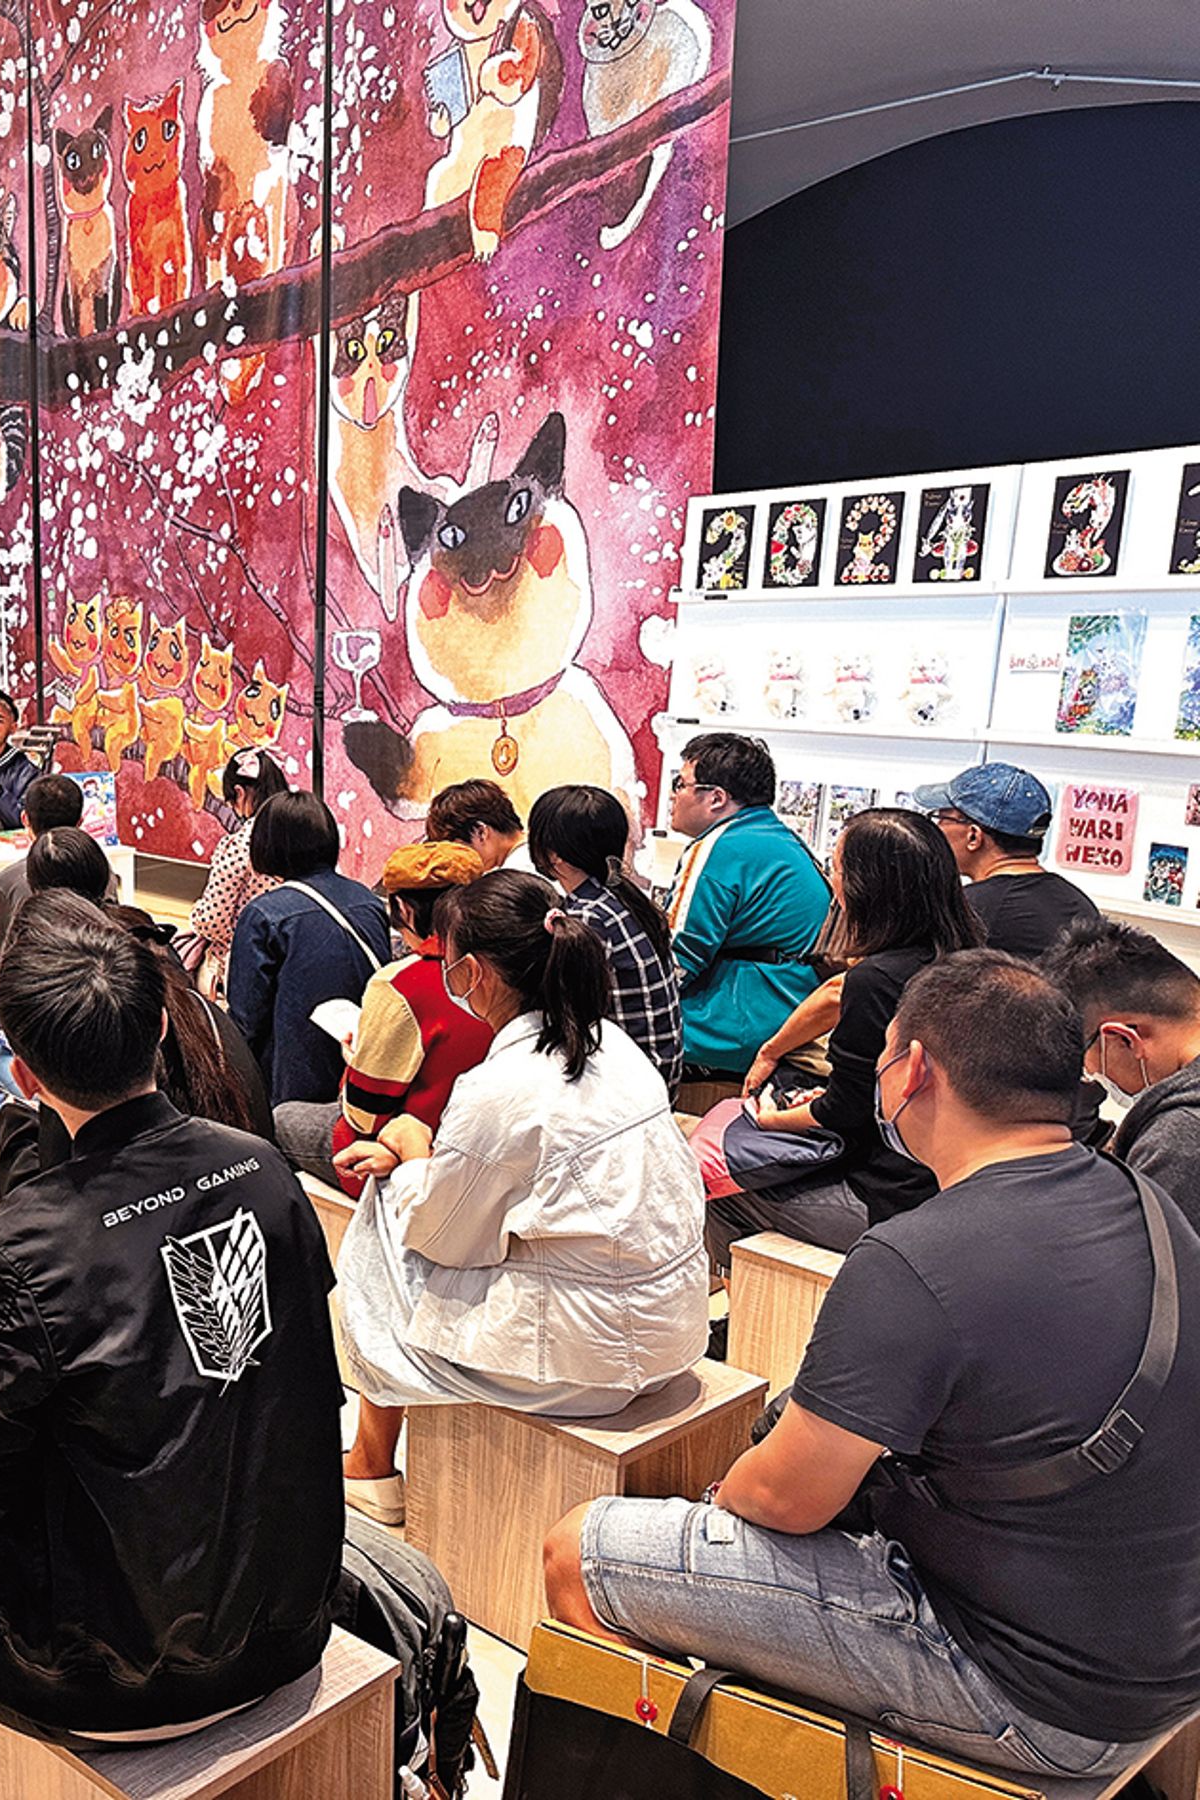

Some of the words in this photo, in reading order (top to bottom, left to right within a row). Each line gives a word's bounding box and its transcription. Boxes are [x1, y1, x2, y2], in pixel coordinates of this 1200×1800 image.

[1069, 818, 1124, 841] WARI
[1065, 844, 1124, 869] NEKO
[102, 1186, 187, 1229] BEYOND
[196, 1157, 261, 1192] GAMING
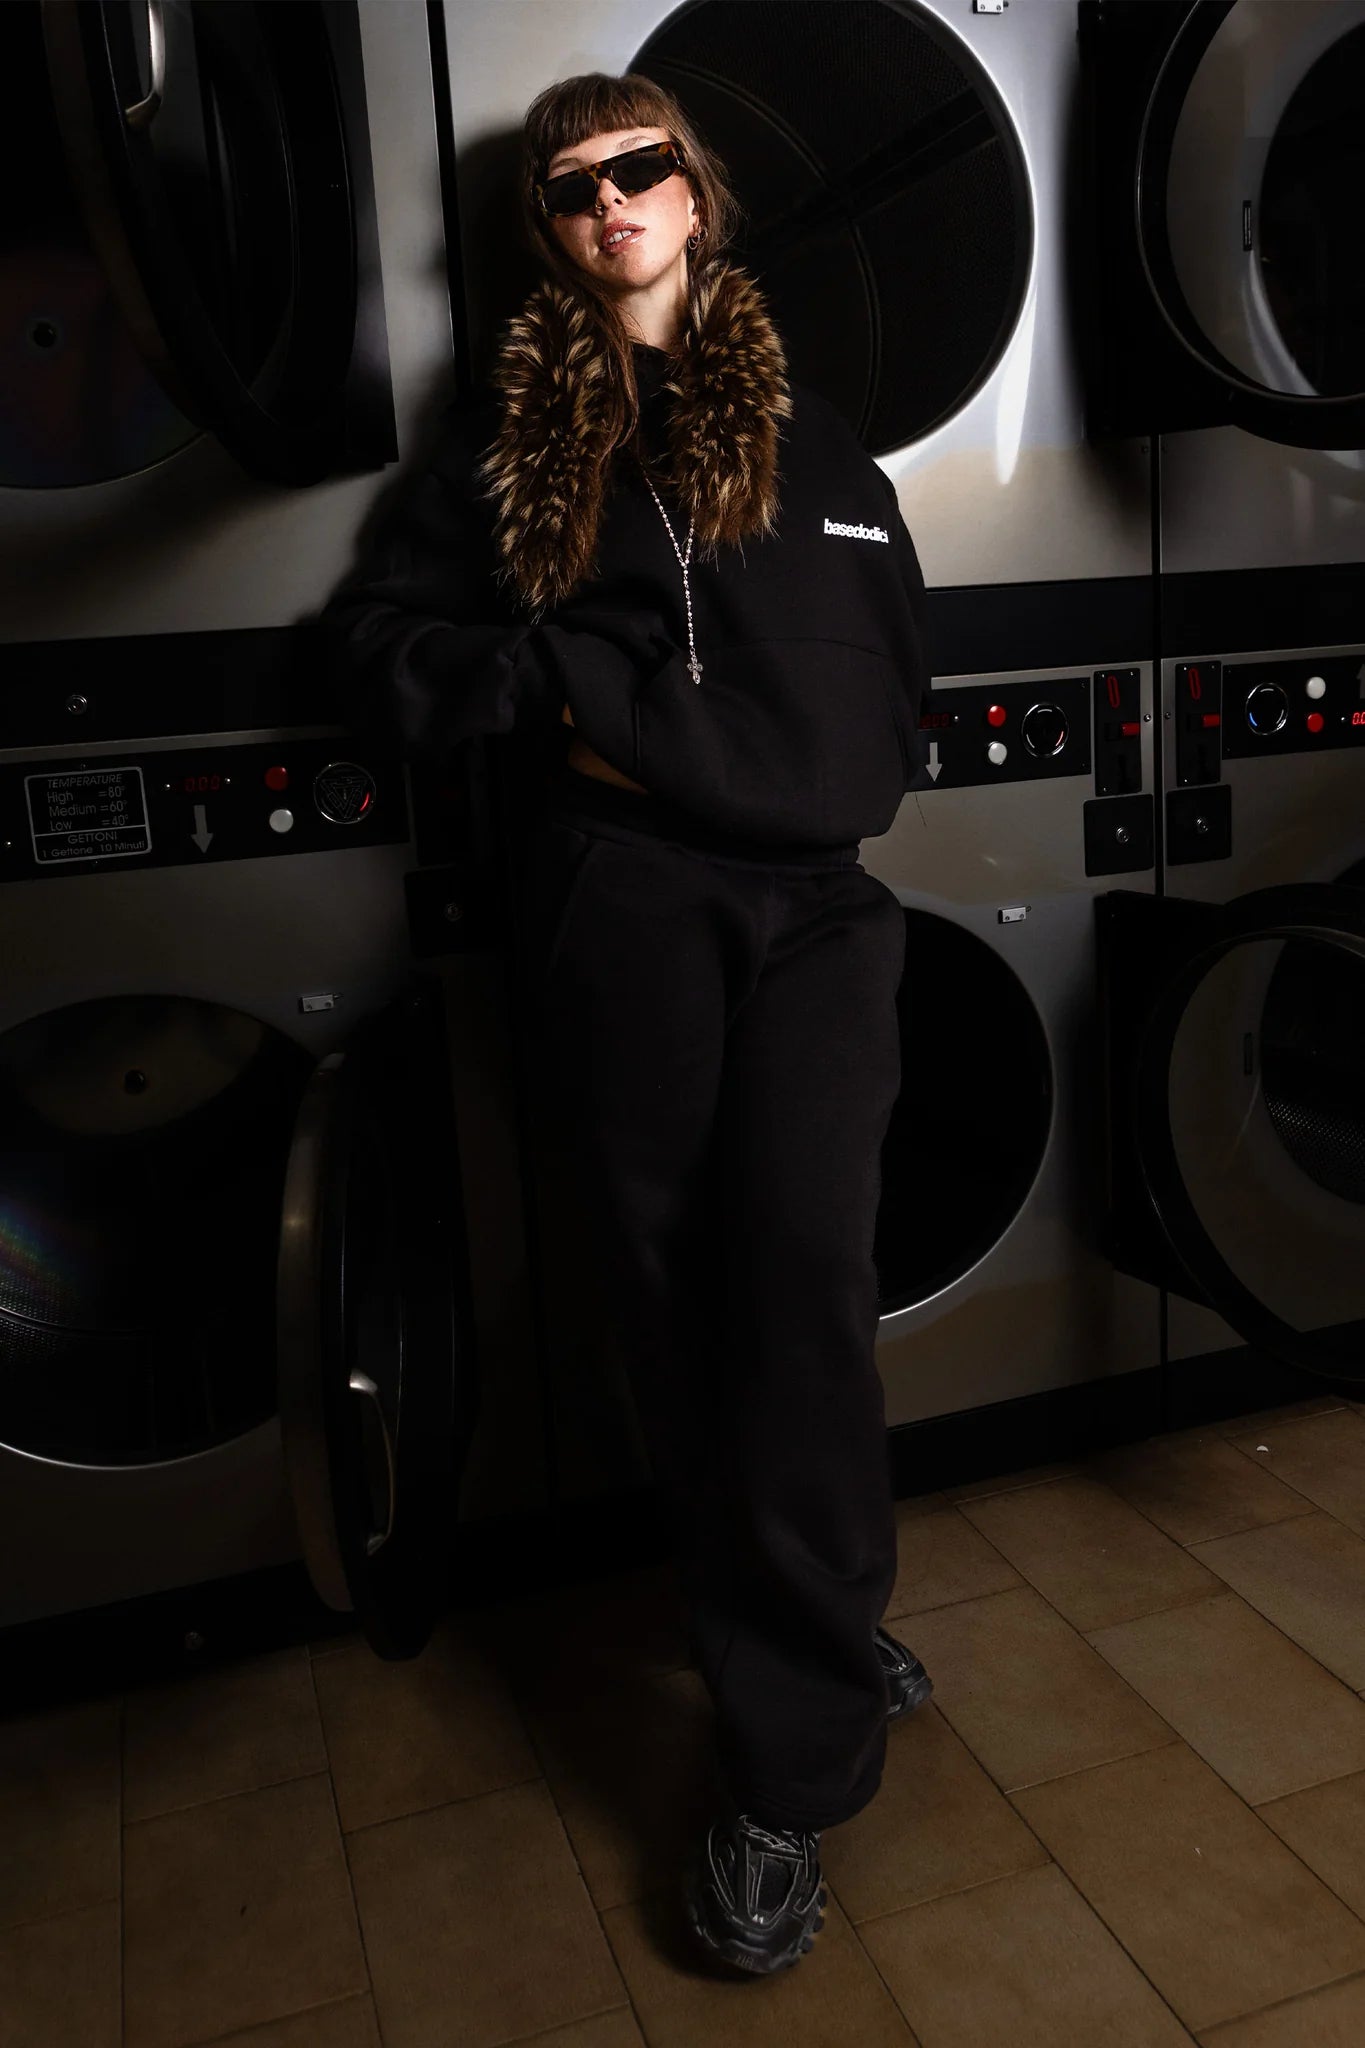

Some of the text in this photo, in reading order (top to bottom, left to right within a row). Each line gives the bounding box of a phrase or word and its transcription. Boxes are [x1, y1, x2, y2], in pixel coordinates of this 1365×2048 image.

→ EXERCISE DETAILS: Return every record above exactly as written, but drop the pictures.

→ OUTPUT BELOW:
Some of the words in this photo, in reading order (top to bottom, left to right within a row). Each line gives a word's bounding box and its transcription. Boxes are [x1, y1, x2, y2], in pixel coordinates of this 1200×1800 image.

[1069, 818, 1124, 841] WARI
[1065, 844, 1124, 869] NEKO
[102, 1186, 187, 1229] BEYOND
[196, 1157, 261, 1192] GAMING

Some of the text in this photo, in reading order (top to bottom, left to right within a row). Each line gives the bounding box of a phrase or word and its transcription. Boxes are [x1, y1, x2, y2], in pixel coordinates of this 1365×2048 image.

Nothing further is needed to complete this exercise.